CONCERNS ABOUT BORROWERS
Q. I already have an insured mortgage. How will these changes affect me?
A. Mortgage insurance is good for the life of the mortgage. Borrowers renewing their insured mortgages will not be affected by these changes. For example, if a borrower had a 30-year amortization and there are 27 years remaining on the mortgage, the mortgage can be renewed with a 27-year amortization, as long as no new funds are being added to the mortgage.
Q. What is required to qualify for an exception to the new parameters?
A. The new measures will apply as of July 9, 2012. Exceptions will be made to satisfy a binding purchase and sale, financing or refinancing agreement where a mortgage insurance application has been made before July 9, 2012. While the changes come into force on July 9, 2012, any mortgage insurance applications received after June 21, 2012 and before July 9, 2012 that do not conform to the measures announced today must be funded by December 31, 2012.
Q. Will a purchase and sale agreement dated prior to July 9, 2012 be considered binding if there are outstanding conditions that have not been fulfilled prior to July 9, 2012?

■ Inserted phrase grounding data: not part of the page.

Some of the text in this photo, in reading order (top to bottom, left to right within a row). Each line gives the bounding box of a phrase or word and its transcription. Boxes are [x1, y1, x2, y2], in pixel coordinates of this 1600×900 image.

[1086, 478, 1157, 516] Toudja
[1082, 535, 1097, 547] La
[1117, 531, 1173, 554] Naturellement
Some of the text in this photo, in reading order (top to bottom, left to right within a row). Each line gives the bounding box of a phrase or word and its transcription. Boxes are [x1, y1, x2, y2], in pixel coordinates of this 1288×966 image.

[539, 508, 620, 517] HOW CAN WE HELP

A. Yes, if the date on the purchase and sale agreement is earlier than July 9, 2012, and a mortgage insurance application has been made prior to that date, the new parameters will not apply, even if the conditions of the agreement have not been waived.

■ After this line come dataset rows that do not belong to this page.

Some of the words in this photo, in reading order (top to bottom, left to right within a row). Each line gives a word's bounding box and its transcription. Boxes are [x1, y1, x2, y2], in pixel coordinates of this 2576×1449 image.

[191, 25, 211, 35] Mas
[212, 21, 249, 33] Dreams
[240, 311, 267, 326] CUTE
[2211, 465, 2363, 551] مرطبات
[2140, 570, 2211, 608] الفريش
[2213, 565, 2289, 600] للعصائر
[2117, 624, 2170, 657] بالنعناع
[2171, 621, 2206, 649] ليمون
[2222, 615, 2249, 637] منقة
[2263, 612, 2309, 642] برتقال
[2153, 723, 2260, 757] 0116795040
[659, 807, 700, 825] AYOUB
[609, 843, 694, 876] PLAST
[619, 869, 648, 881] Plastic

Q. Will the new refinancing rules allow a borrower with a mortgage above 80 per cent loan-to-value (LTV) to refinance by extending the amortization period?
A. No. Effective July 9, 2012, borrowers will not be permitted to refinance a mortgage above an 80 per cent LTV, unless the borrower has a binding refinance agreement dated prior to July 9, 2012, and a mortgage insurance agreement has been made prior to that date.

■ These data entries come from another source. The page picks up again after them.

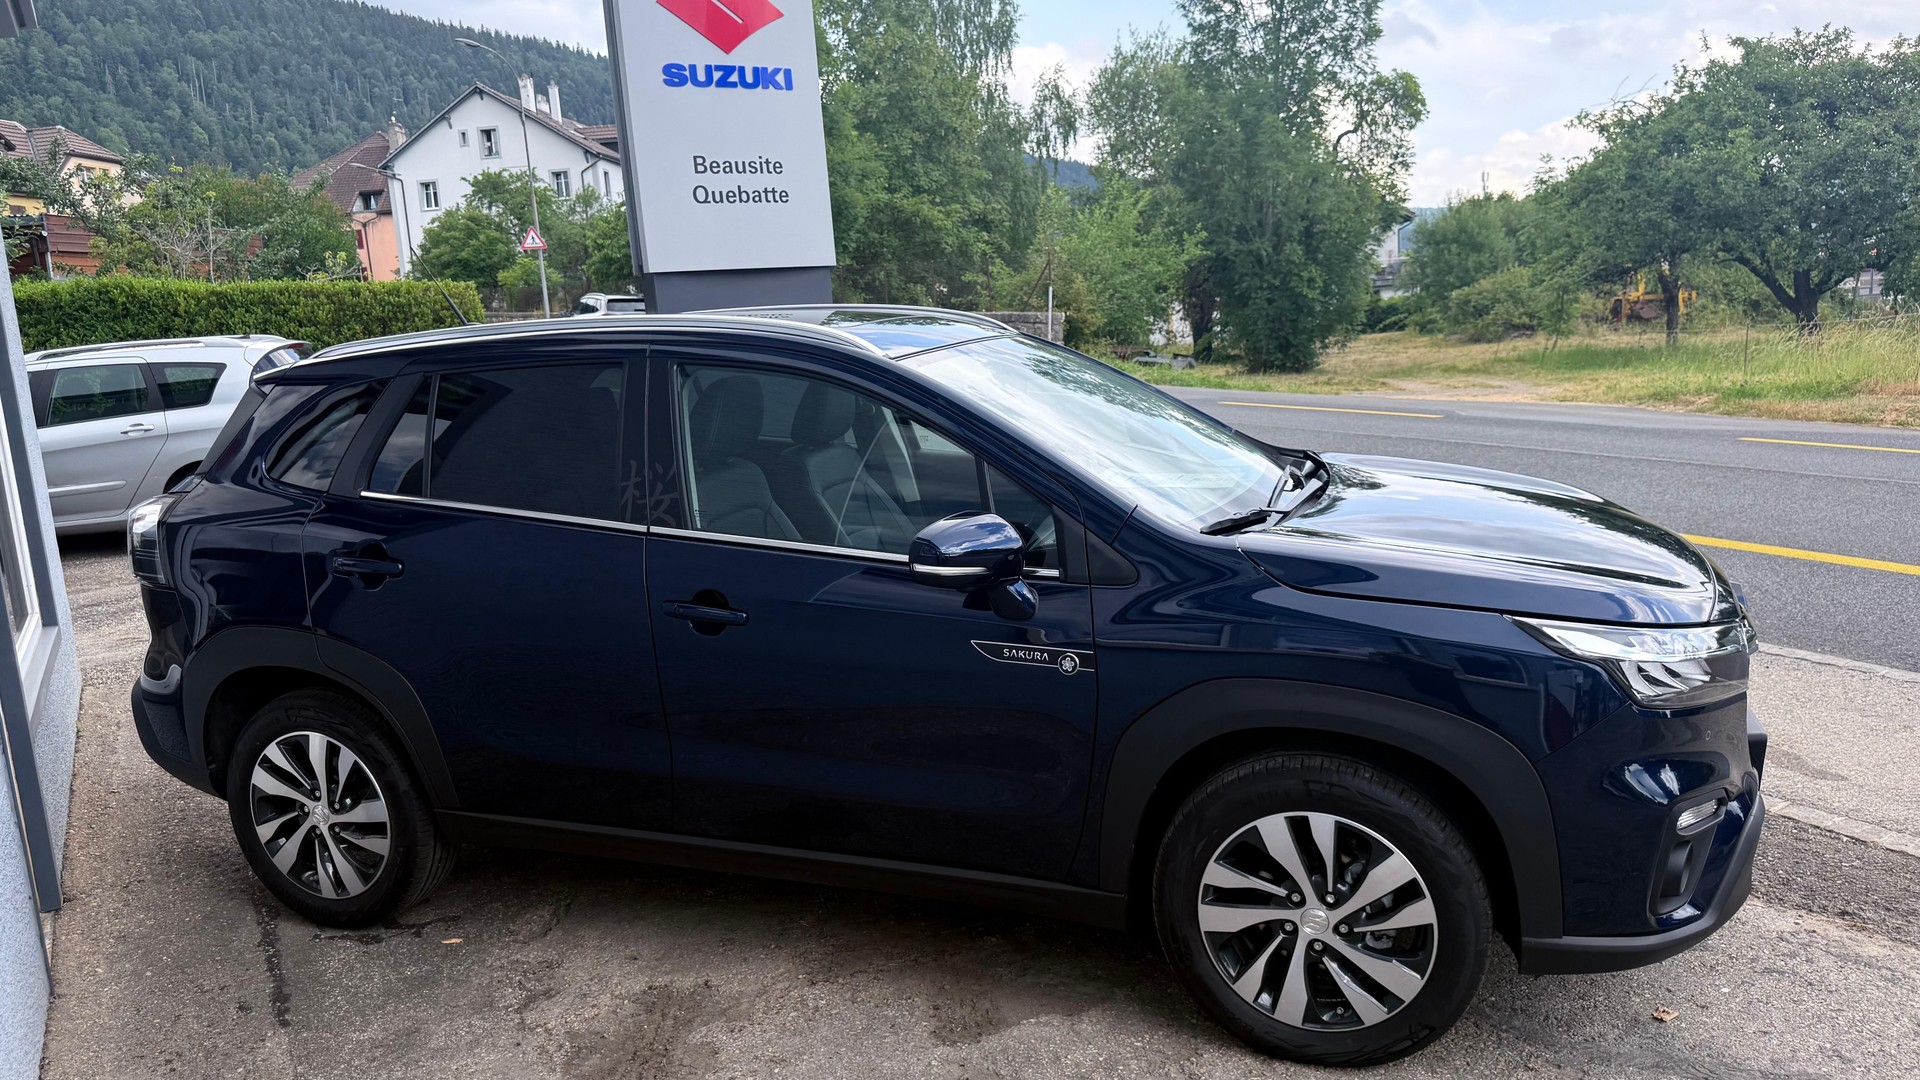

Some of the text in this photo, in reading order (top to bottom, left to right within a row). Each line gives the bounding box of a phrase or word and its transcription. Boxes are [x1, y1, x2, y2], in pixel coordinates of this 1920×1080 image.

[662, 63, 793, 91] SUZUKI
[693, 155, 784, 175] Beausite
[692, 185, 790, 204] Quebatte
[1003, 648, 1049, 662] SAKURA
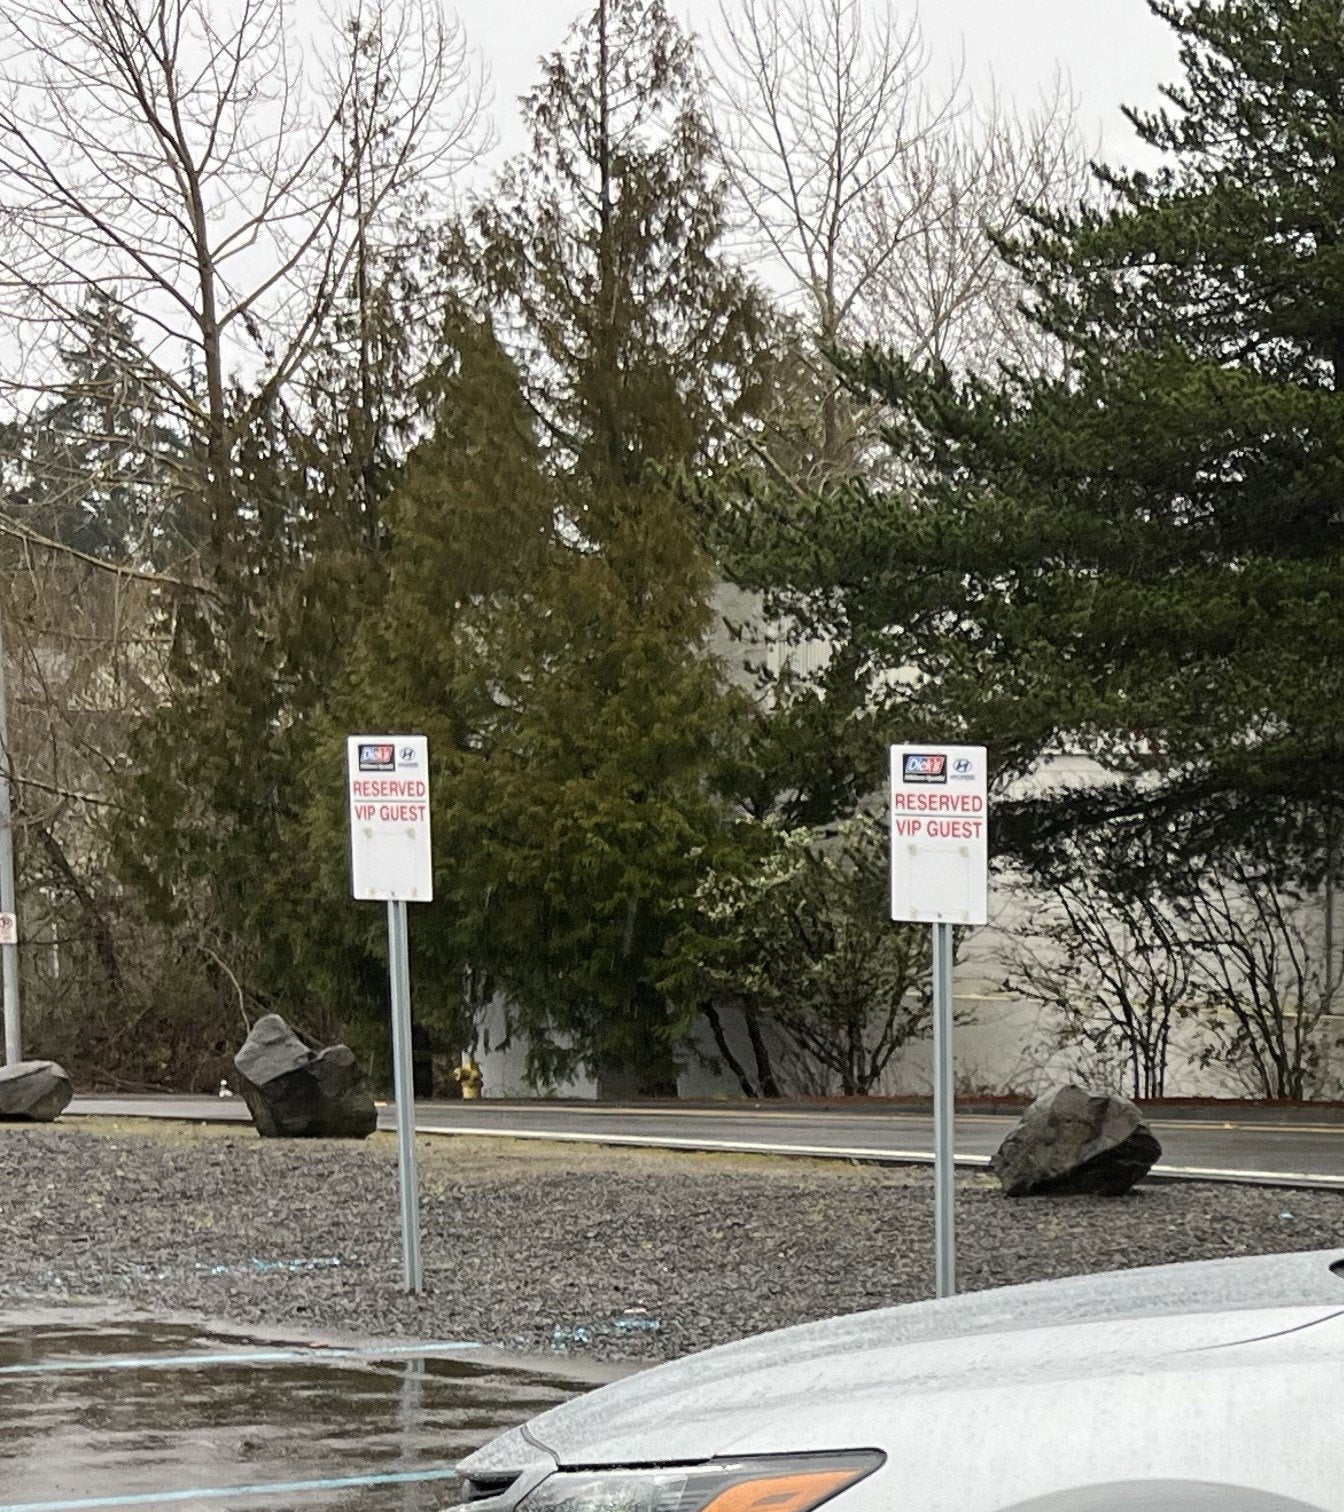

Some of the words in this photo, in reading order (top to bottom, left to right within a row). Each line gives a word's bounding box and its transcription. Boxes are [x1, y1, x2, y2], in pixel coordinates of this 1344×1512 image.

[353, 781, 426, 797] RESERVED
[895, 793, 983, 812] RESERVED
[354, 805, 376, 821] VIP
[380, 805, 426, 822] GUEST
[896, 820, 922, 836] VIP
[927, 820, 982, 839] GUEST

Q. I have a written mortgage pre-approval from a lender, dated before July 9, 2012 with a 30-year amortization. Will I still be eligible for a 30-year amortization if I don’t sign an agreement of purchase and sale until July 9, 2012 or later?
A. No, a mortgage pre-approval without an agreement of purchase and sale is not sufficient to qualify for a 30-year amortization. You may have a 30-year amortization only if your agreement of purchase and sale is dated before July 9, 2012 and you have made a mortgage insurance application before July 9, 2012. You may wish to discuss with your lender to revise your mortgage pre-approval using the new parameters announced today.
Q. Will the new parameters apply to assignment (“switch” or transfer) of a previously insured loan from one approved lender to another?
A. No. As long as the loan amount and amortization period are not increased, the new parameters will not apply to a switch/transfer/assignment of the mortgage to a different lender.
Q. If I sell my current home and buy another, will the new parameters apply if I transfer the outstanding balance of my insured mortgage to the new home?
A. As long as the outstanding balance of the insured loan, the LTV ratio and the remainder of the amortization period are not increased, the new parameters will not apply when the mortgage insurance is transferred from one home to another.
Q. What if I need to increase the amount of my insured loan when I sell my current home and buy another?
A. In this situation, the new parameters will apply for any insured loan.
Q. If I bought a condo that is not expected to be built for another two years, will the new parameters apply?
A. If you bought a condo and have made a mortgage insurance application on or before June 21, then the new parameters would not apply.
If you buy a condo and make a mortgage insurance application after June 21, the new parameters will apply if the mortgage loan is not funded by December 31, 2012.